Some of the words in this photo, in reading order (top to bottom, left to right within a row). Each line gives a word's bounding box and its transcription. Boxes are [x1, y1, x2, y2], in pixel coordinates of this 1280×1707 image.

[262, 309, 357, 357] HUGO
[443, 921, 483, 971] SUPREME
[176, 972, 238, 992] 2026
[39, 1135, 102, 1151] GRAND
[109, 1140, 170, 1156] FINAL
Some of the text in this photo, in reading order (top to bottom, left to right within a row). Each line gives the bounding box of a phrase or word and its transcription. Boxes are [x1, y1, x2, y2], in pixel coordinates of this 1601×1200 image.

━━━━━━━━━━━━━━━━

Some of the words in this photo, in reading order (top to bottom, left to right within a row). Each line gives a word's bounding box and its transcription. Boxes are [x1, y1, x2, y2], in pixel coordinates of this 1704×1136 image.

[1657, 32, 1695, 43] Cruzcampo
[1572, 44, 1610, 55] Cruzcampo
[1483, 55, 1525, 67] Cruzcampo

━━━━━━━━━━━━━━━━

INSTRUCTIONS TO FOLLOW: Above are the records; repeat exactly the lines from the one holding "this 1280×1707 image." down to the one holding "Some of the text", end lines included.

EXERCISE SOLUTION:
Some of the words in this photo, in reading order (top to bottom, left to right within a row). Each line gives a word's bounding box and its transcription. Boxes are [x1, y1, x2, y2], in pixel coordinates of this 1280×1707 image.

[262, 309, 357, 357] HUGO
[443, 921, 483, 971] SUPREME
[176, 972, 238, 992] 2026
[39, 1135, 102, 1151] GRAND
[109, 1140, 170, 1156] FINAL
Some of the text in this photo, in reading order (top to bottom, left to right within a row). Each line gives the bounding box of a phrase or word and its transcription. Boxes are [x1, y1, x2, y2], in pixel coordinates of this 1601×1200 image.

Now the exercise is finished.